Today, the method that is common in the acquisition of housing is in the form of buying with credit. The length of the hedge credit ratios, the decrease in the interest rates from time to time, is almost as antagonistic as the incentive of the method. In this way, some of the residential areas prefer not to rent the property, considering the contribution of the residence to the use of the residence itself and the contribution of the part to the repayment of the loan. Most of the residents who are saving or speculative give the rented house to the rent.
In this article, we would like to examine whether the exchange rate of the loan interest paid and the exchange rate paid in case of foreign currency borrowing can be deducted from the rent income in the case that the houses acquired in this way are given to the rent.
Regarding Location, article 72 of the Income Tax Law states that "in the real estate capital revenues, the gross proceeds are the amount of rental fees collected in cash or in cash for the year or the previous years in the year when the goods and rights stated in the 70th article are given to the rent" In Article 71, it was stated that there is a positive difference remaining after the expenses for realization of gross income, gross income and gaining income in the will of real estate capital were reduced.
As is known, taxpayers in the taxation of rent income have a choice between the actual expense method and the method of disbursement. The deduction of the interest or exchange rate differences related to the credit used in the acquisition of housing is only for those who prefer the real expenditure method. Even if this method is preferred, it is not possible to consider the principal repayment as an expense (the principal payments can be deducted as depreciation as a cost element).
In the article 74 of the Law, which refers to the actual expenditure method, the following items are added: "In the event of finding a net income, except for the ones that hit the gross revenues exempted according to Article 21, the gross income is deducted" The interests of the debt obligations "can be reduced.

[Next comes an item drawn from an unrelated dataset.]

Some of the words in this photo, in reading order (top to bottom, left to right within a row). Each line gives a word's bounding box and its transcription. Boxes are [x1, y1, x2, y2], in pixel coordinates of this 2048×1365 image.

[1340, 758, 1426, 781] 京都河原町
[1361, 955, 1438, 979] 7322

In accordance with these regulations, it is possible to deduct the interest of the credits used for the acquisition of housing from the rental income, if the corresponding house is provided to the rent, except for the part corresponding to the custom.

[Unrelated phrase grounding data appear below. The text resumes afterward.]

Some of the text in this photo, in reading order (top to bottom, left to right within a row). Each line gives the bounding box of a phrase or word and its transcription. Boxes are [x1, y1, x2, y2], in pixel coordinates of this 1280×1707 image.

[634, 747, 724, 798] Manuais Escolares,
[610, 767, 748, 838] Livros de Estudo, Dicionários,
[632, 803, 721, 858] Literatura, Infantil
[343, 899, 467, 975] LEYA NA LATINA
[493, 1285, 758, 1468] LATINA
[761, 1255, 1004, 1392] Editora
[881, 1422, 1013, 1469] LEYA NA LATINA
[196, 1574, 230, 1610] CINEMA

It is possible to use the credit not only from the bank but also from the participation banks. Participants who use loans from participating banks are allowed to make a reduction by taking into account the payments in the form of profit share shown in lieu of interest on the loan repayment notification list.

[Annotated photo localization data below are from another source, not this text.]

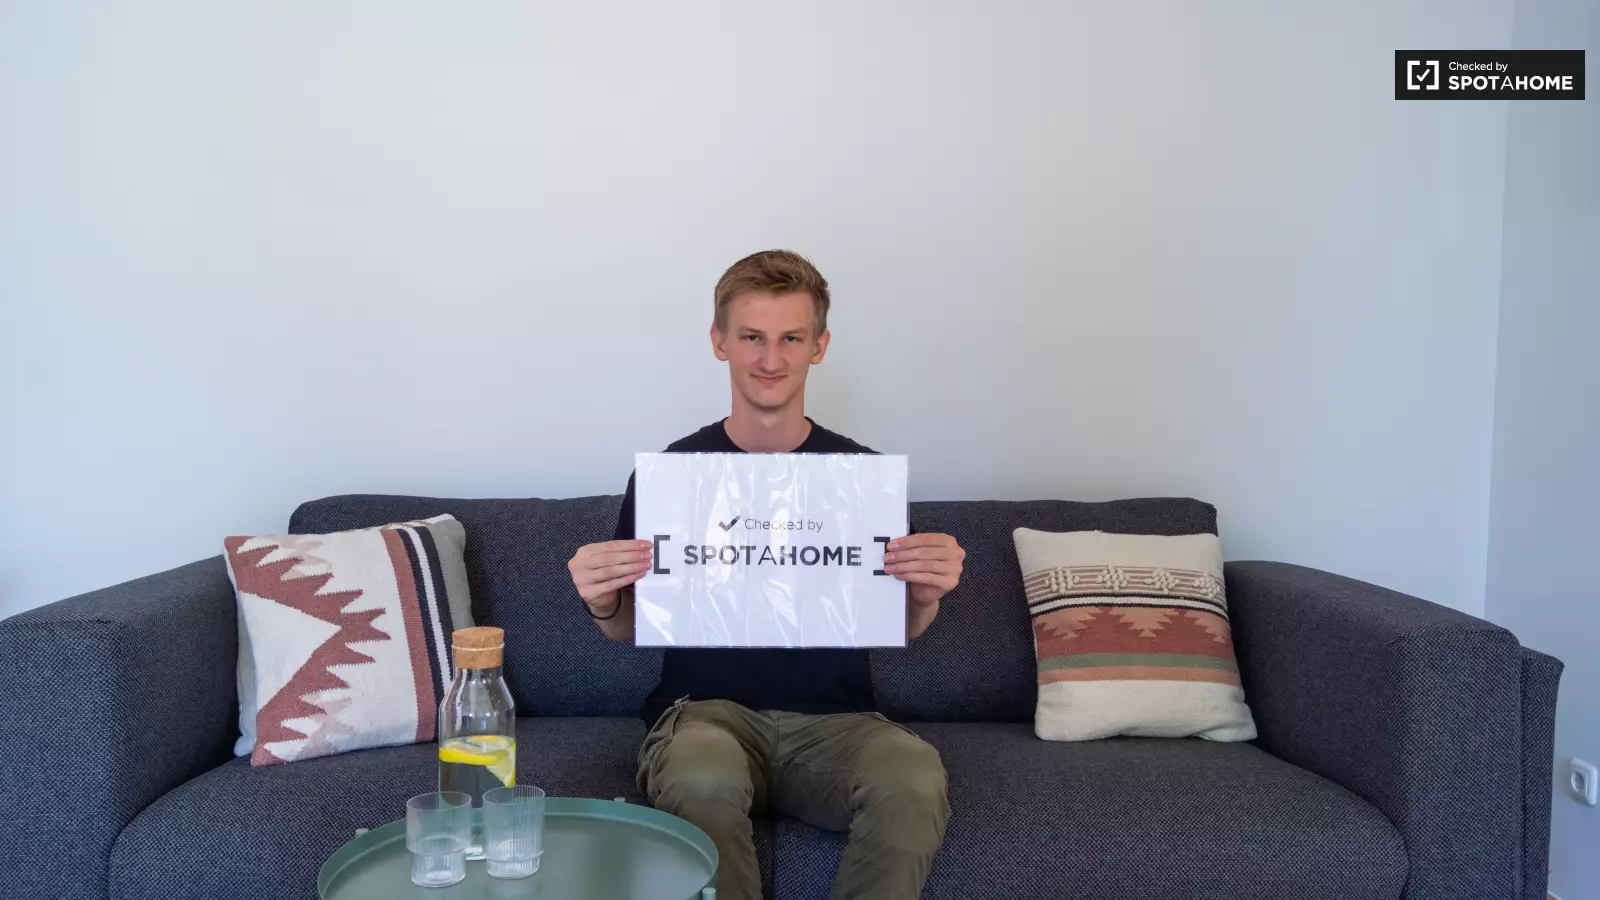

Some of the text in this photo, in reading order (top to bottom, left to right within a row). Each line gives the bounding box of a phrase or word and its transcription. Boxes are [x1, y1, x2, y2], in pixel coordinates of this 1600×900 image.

[744, 517, 824, 533] Checked by
[683, 544, 862, 567] SPOTAHOME
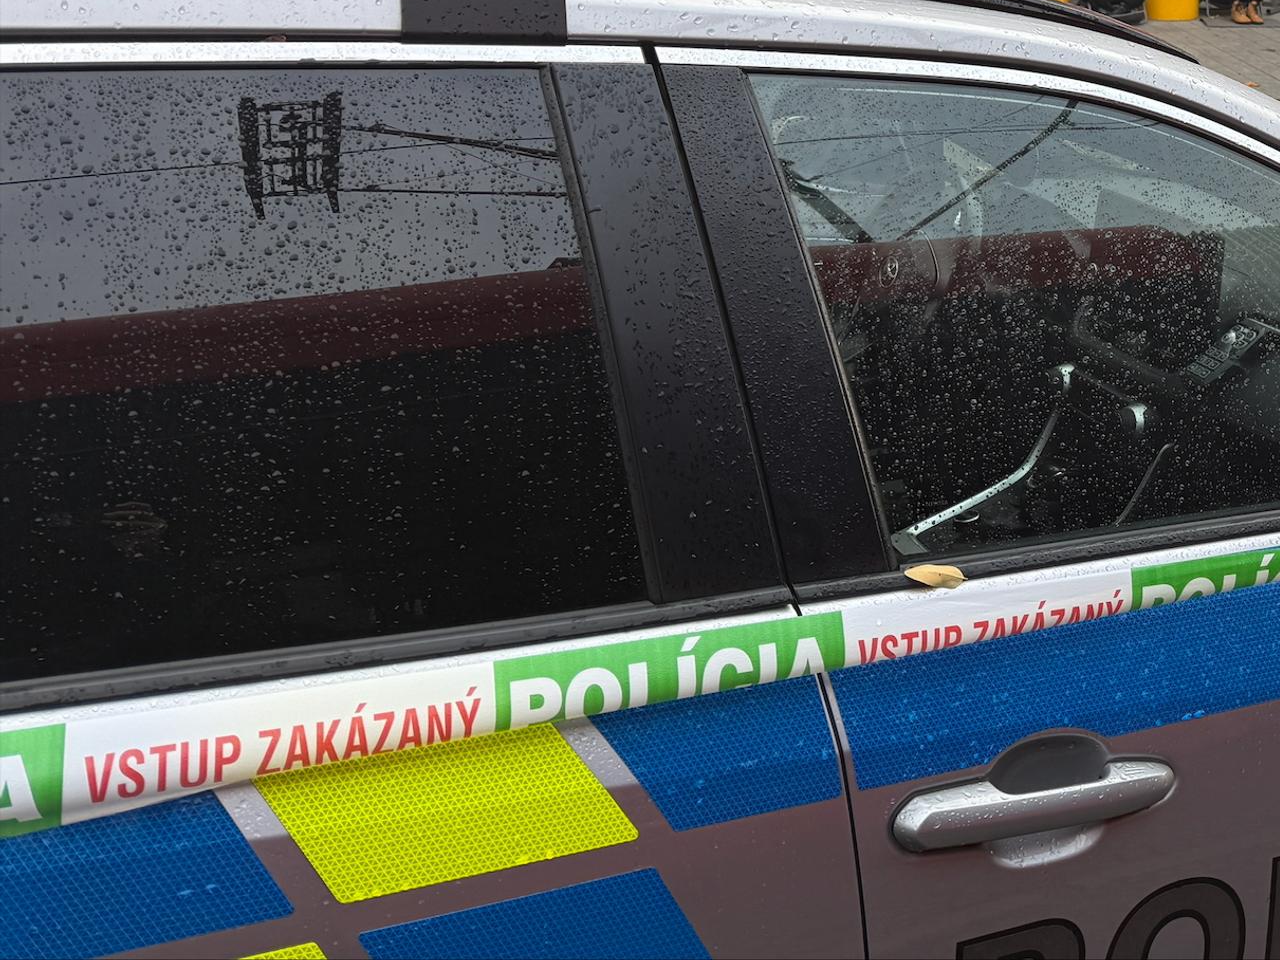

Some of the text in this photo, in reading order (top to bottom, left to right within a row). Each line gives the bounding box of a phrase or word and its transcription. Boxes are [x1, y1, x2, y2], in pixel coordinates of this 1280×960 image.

[85, 734, 242, 805] VSTUP
[256, 686, 482, 778] ZAKÁZANÝ
[858, 625, 963, 666] VSTUP

It does not matter whether the loan is a home loan or not. Because of their interest and other costs, people may prefer to use them in different types (such as consumer loans or commercial loans). What is important here is to prove the link between the credit used and the purchase of housing.
I have emphasized above that credit principal payments can not be deducted directly from rental income. It is not a matter of considering foreign exchange differences related to principal installments in foreign currency loans as an expense. In other words, it is possible to deduct the depreciation amount calculated from the new value obtained by adding the exchange differences paid in respect of the capital installment to the cost of the acquired real estate.The amount of interest that the taxpayer may fall is not limited to the rent income from the said real estate. Therefore, the taxpayer can deduct the interest expense from the total immovable rental income that he / she obtained together with the loan and the immovable acquired.